Cloudflare, a San Francisco-based firm that provides added security for websites to prevent cyber-attacks, said it would stop protecting 8chan at midnight on Monday, the BBC reported.
The 21-year-old suspect in Saturday’s shooting in El Paso, Texas, is understood to have used 8chan to spread his manifesto.
Previously, the site was also used by the suspect in March’s shooting in Christchurch, New Zealand, as well as the suspect in April’s synagogue shooting in Poway, California.
Losing Cloudflare’s protection has made 8chan vulnerable to a Distributed Denial of Service (DDoS) attack, whereby a website is bombarded with traffic that overwhelms its servers, rendering it inaccessible.
A few minutes after the Cloudflare service was withdrawn, 8chan did indeed become unavailable.
However, 8chan’s site administrator said that it was moving to another security firm, BitMitigate, based in the US state of Washington.

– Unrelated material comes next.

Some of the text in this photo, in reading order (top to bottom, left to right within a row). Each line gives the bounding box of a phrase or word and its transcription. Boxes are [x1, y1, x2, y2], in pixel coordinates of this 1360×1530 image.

Cloudflare chief executive Matthew Prince had said, in the wake of Saturday’s shootings, that his firm would continue to support 8chan as its policy was to remain neutral over the type of content the service protected, the BBC reported.

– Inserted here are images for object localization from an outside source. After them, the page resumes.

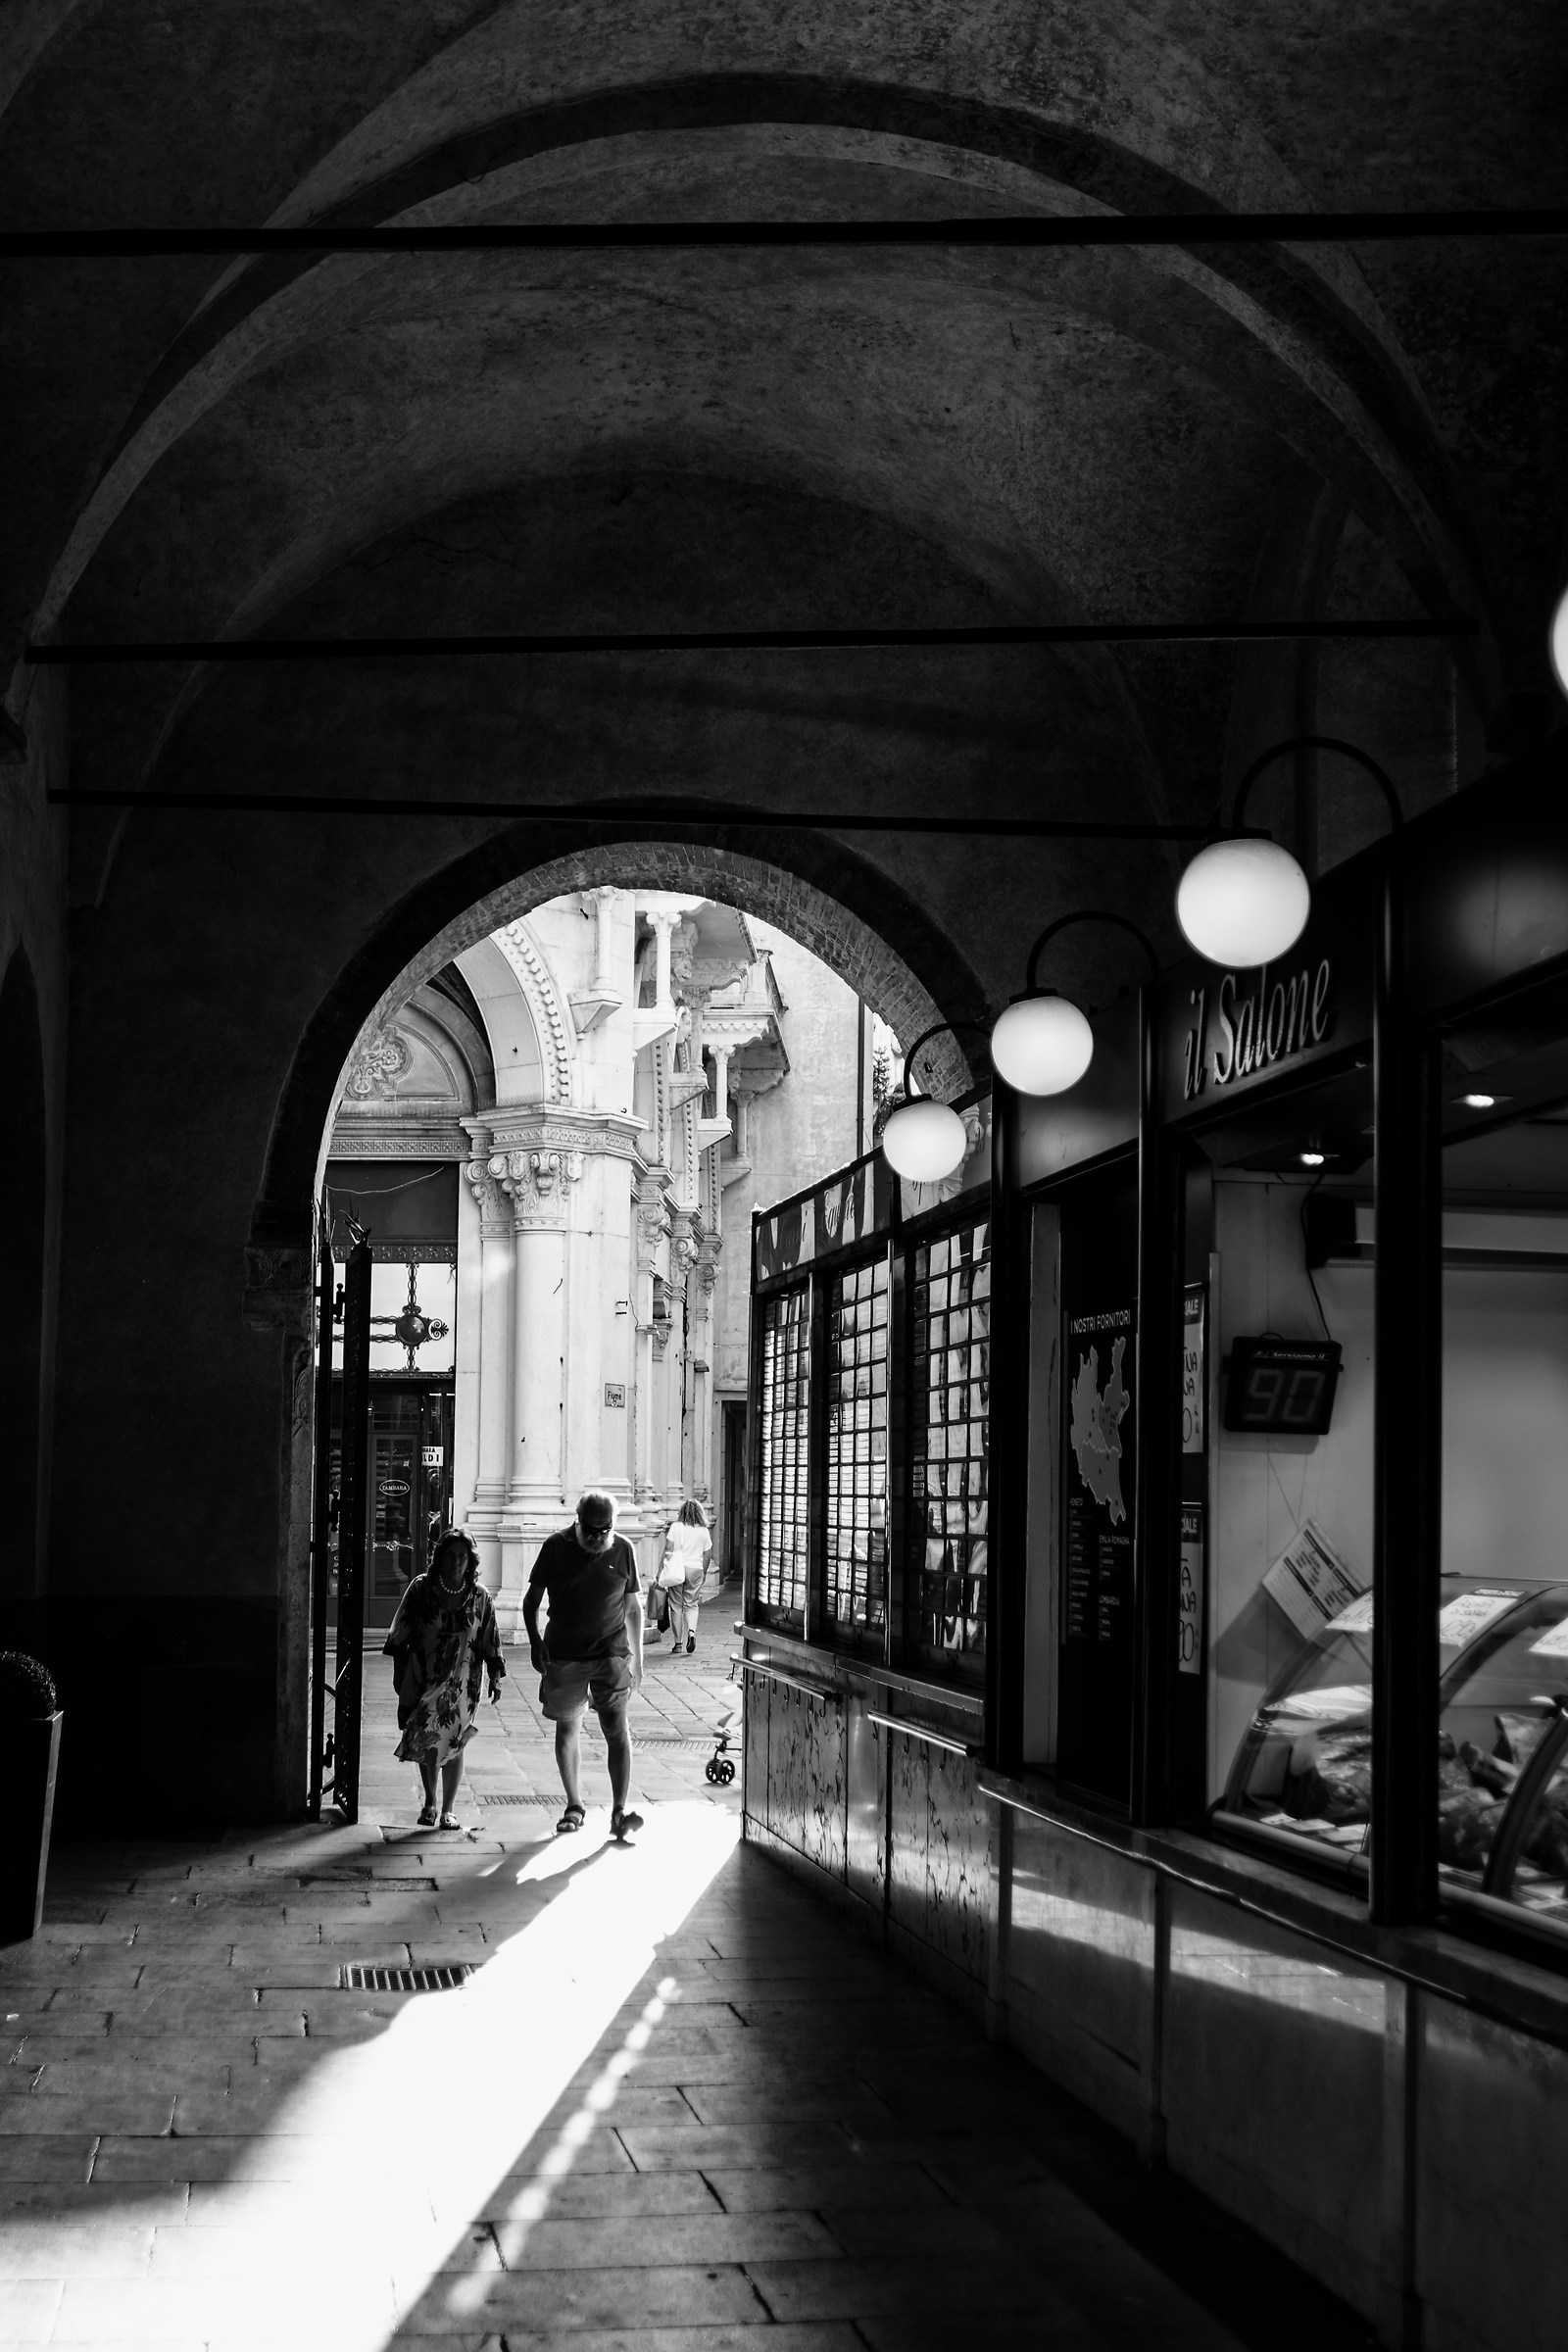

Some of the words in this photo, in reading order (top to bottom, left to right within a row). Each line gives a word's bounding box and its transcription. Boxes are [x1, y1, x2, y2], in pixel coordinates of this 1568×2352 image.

[1183, 988, 1206, 1101] il
[1213, 957, 1331, 1084] Salone
[1073, 1315, 1097, 1334] NOSTRI
[1097, 1308, 1131, 1330] FORNITORI
[1272, 1350, 1316, 1359] Serviamo
[1241, 1367, 1326, 1422] 90
[1069, 1497, 1084, 1507] VENETO
[1099, 1594, 1120, 1606] LOMBARDIA

However, on Sunday evening Prince wrote in a blog post that “8chan has repeatedly proven itself to be a cesspool of hate”.
“They have proven themselves to be lawless and that lawlessness has caused multiple tragic deaths.
“Even if 8chan may not have violated the letter of the law in refusing to moderate their hate-filled community, they have created an environment that revels in violating its spirit.”
8chan is a forum created in 2013 by Fredrick Brennan as an alternative to 4chan, a message board popular with gamers.
8chan promised less moderation of controversial topics and images that were being removed from 4chan. As such, 8chan has hosted far-right extremist views and imagery.
Brennan gave up ownership of 8chan in 2015 and has since called for it to be shut down.